Le timing du départ de Sonia Mabrouk de CNews intrigue autant que la décision elle-même. Survenant à un moment de forte tension politique et médiatique, il apparaît aujourd’hui comme particulièrement stratégique.

À l’approche de grandes échéances électorales, les chaînes d’information renforcent traditionnellement leurs dispositifs éditoriaux. Les figures capables de structurer le débat, d’interviewer les responsables politiques et de créer de la séquence sont plus recherchées que jamais. Sonia Mabrouk fait clairement partie de ces profils.
Son départ intervient aussi dans un contexte de remise en question des pratiques médiatiques. Le maintien à l’antenne de Jean-Marc Morandini après sa condamnation a cristallisé de nombreuses tensions. En partant à ce moment précis, Sonia Mabrouk inscrit son geste dans une actualité plus large, où l’éthique des médias est régulièrement interrogée.
Ce choix de calendrier lui permet également de rester au centre de l’attention. En quittant CNews maintenant, elle ne disparaît pas du radar médiatique. Au contraire, elle alimente les discussions, les spéculations et les projections.
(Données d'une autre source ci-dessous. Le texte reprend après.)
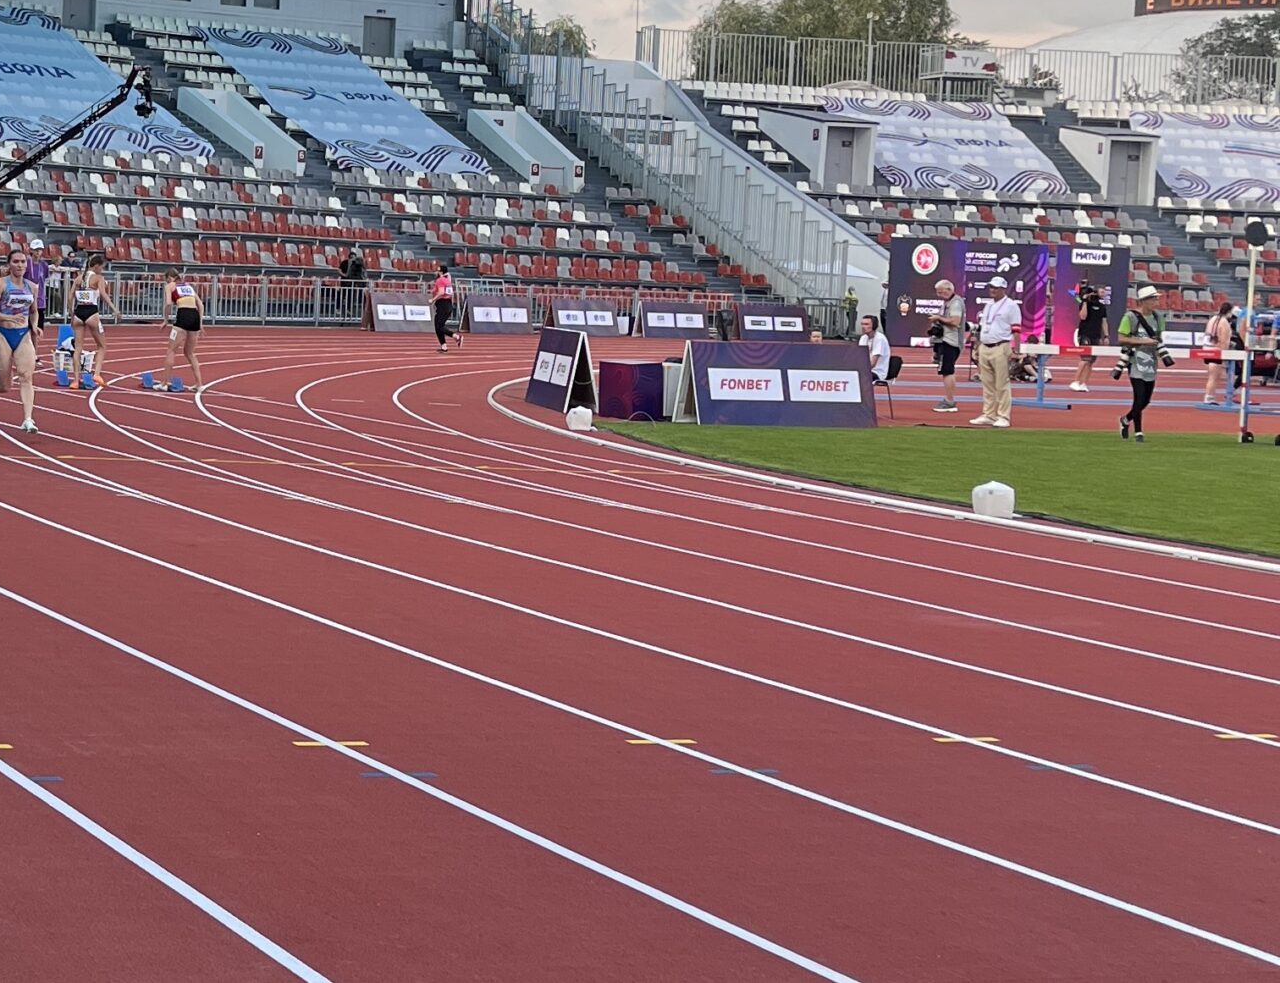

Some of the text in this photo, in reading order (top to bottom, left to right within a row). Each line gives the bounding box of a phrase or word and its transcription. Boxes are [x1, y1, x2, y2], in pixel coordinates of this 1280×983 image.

Un avantage non négligeable dans un secteur où la visibilité compte autant que les compétences.
Pour les groupes audiovisuels, ce timing est idéal. Recruter une journaliste disponible, reconnue et médiatiquement exposée à ce moment précis représente une opportunité rare. Sonia Mabrouk arrive sur le marché au moment exact où la demande est la plus forte.
Rien n’a été officialisé pour la suite, mais ce départ, loin d’être improvisé, ressemble de plus en plus à un mouvement parfaitement calculé. Une décision qui pourrait peser lourd dans les mois à venir.